Another trip provider, Hillel, runs Birthright groups for college students — including niche programs for those in fraternities and sororities, specialized options for those who are deaf or hard of hearing, and a tour that focuses on fashion.
Young fashion-oriented Jews make up “a population that is unserved by the Jewish community,” said Esther Abramowitz, Hillel’s Birthright coordinator in Israel. “These students would not necessarily come on a regular Birthright trip. I thought it would be fun to bring them together so they could meet each other, and also to start looking at Israel through the lens of fashion and design.” The trip is running for the second time this month.
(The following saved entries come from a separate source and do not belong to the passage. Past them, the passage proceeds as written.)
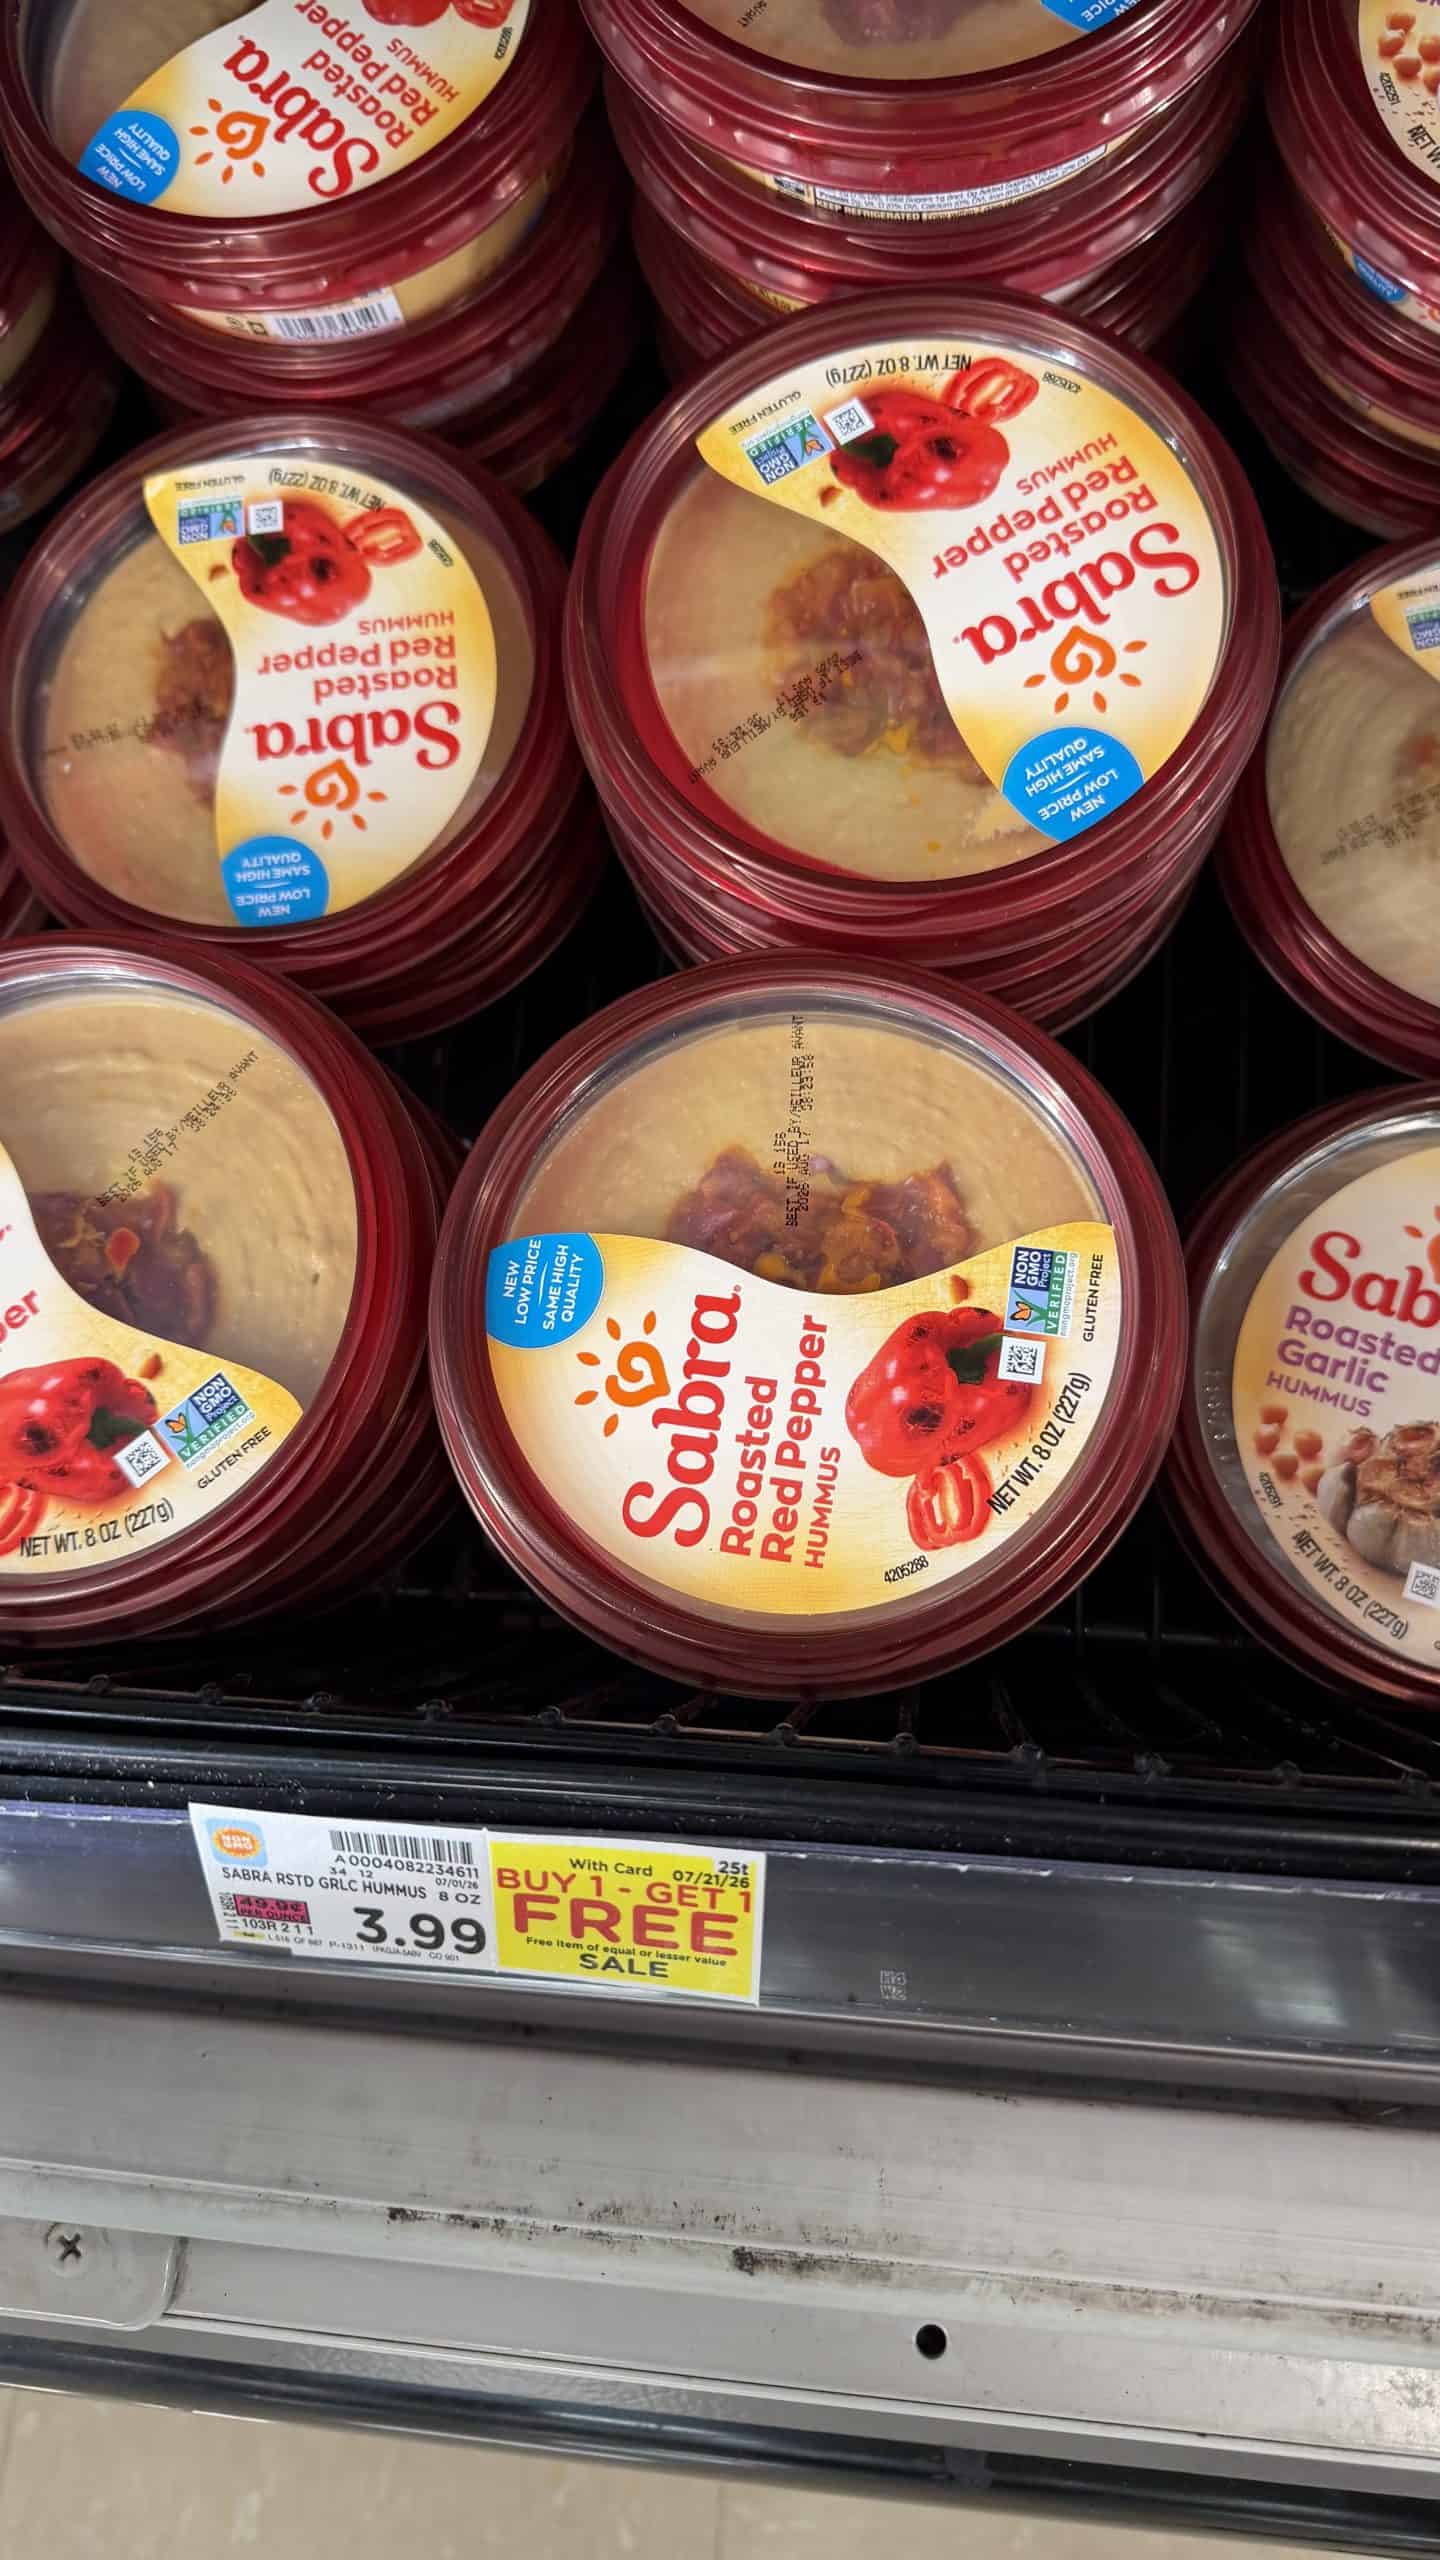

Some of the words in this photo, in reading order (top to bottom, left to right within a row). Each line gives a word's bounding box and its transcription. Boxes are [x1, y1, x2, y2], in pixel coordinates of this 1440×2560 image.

[295, 0, 389, 82] Pepper
[386, 37, 461, 103] HUMMUS
[223, 38, 379, 198] Sabra
[301, 49, 414, 149] Roasted
[378, 72, 439, 127] Red
[128, 123, 170, 161] QUALITY
[825, 361, 873, 390] (227g)
[876, 360, 897, 376] OZ
[900, 358, 910, 373] 8
[942, 355, 973, 372] NET
[757, 390, 802, 420] GLUTEN
[729, 415, 758, 436] FREE
[748, 418, 812, 457] VERIFIED
[760, 453, 790, 475] GMO
[766, 461, 796, 483] NON
[1016, 432, 1119, 496] HUMMUS
[309, 475, 328, 492] OZ
[327, 478, 338, 494] 8
[1060, 455, 1139, 513] Red
[932, 495, 1064, 580] Pepper
[1002, 483, 1159, 584] Roasted
[961, 521, 1200, 665] Sabra
[359, 610, 456, 635] HUMMUS
[257, 641, 381, 676] Pepper
[391, 635, 457, 662] Red
[313, 664, 458, 704] Roasted
[253, 700, 462, 771] Sabra
[1025, 737, 1088, 781] QUALITY
[1062, 745, 1105, 776] SAME
[1025, 769, 1064, 798] HIGH
[1083, 768, 1118, 796] LOW
[1038, 789, 1083, 821] PRICE
[1070, 795, 1106, 822] NEW
[235, 869, 271, 884] HIGH
[242, 851, 302, 868] QUALITY
[271, 864, 311, 880] SAME
[235, 892, 277, 907] PRICE
[257, 904, 291, 918] NEW
[280, 887, 311, 902] LOW
[503, 1260, 521, 1299] NEW
[514, 1290, 532, 1325] LOW
[523, 1238, 543, 1289] PRICE
[550, 1244, 570, 1283] HIGH
[1015, 1250, 1029, 1285] NON
[1026, 1250, 1041, 1288] GMO
[1038, 1251, 1053, 1288] Project
[1091, 1253, 1104, 1290] FREE
[542, 1284, 563, 1331] SAME
[561, 1254, 584, 1323] QUALITY
[1046, 1253, 1067, 1333] VERIFIED
[1083, 1291, 1100, 1343] GLUTEN
[1284, 1304, 1440, 1376] Roasted
[1277, 1338, 1389, 1393] Garlic
[192, 1377, 224, 1405] NON
[200, 1386, 232, 1414] GMO
[774, 1314, 828, 1470] Pepper
[1265, 1370, 1373, 1417] HUMMUS
[180, 1404, 248, 1458] VERIFIED
[622, 1290, 742, 1548] Sabra
[197, 1448, 242, 1490] GLUTEN
[242, 1426, 272, 1454] FREE
[985, 1479, 1020, 1516] NET
[1011, 1456, 1043, 1496] WT.
[1031, 1443, 1051, 1462] 8
[1041, 1420, 1066, 1450] OZ
[1060, 1371, 1092, 1425] (227g)
[719, 1376, 778, 1557] Roasted
[19, 1535, 51, 1557] NET
[54, 1531, 82, 1553] WT.
[85, 1529, 96, 1547] 8
[99, 1521, 121, 1543] OZ
[125, 1497, 174, 1539] (227g)
[760, 1477, 804, 1563] Red
[804, 1447, 841, 1569] HUMMUS
[883, 1554, 929, 1584] 4205288
[1293, 1529, 1323, 1559] NET
[1313, 1549, 1340, 1583] WT.
[1333, 1575, 1350, 1591] 8
[1345, 1585, 1369, 1608] OZ
[1361, 1599, 1409, 1640] (227g)
[222, 1867, 272, 1883] SABRA
[276, 1872, 314, 1888] RSTD
[318, 1876, 358, 1893] GRLC
[362, 1881, 427, 1900] HUMMUS
[438, 1891, 449, 1902] 8
[454, 1892, 481, 1905] OZ
[329, 1867, 347, 1876] 34
[359, 1869, 373, 1878] 12
[435, 1878, 479, 1890] 07/01/26
[569, 1858, 608, 1873] With
[614, 1862, 653, 1877] Card
[672, 1869, 750, 1888] 07/21/26
[718, 1861, 749, 1876] 25t
[496, 1867, 577, 1894] BUY
[589, 1876, 603, 1897] 1
[646, 1882, 726, 1910] GET
[738, 1891, 751, 1913] 1
[242, 1919, 277, 1931] 103R
[280, 1923, 290, 1933] 2
[294, 1924, 301, 1934] 1
[307, 1926, 314, 1936] 1
[354, 1906, 487, 1955] 3.99
[513, 1892, 738, 1957] FREE
[526, 1936, 553, 1948] Free
[556, 1939, 584, 1951] item
[587, 1941, 599, 1952] of
[602, 1944, 636, 1958] equal
[639, 1949, 652, 1958] or
[655, 1951, 690, 1963] lesser
[694, 1955, 727, 1967] value
[579, 1953, 670, 1979] SALE
The group will meet with Israeli fashion designer Idit Barak, visit the Center for Bedouin Embroidery and hang out on Ben-Yehuda Street in Jerusalem with local fashion students. The 10 days culminate in the presentation of a fashion project the participants have worked on throughout the trip. During the winter session, they were asked to create their version of a head covering, which included a purple shtreimel designed for women and a gold-and-silver hat described by the students as “what Lady Gaga would wear to the Kotel.”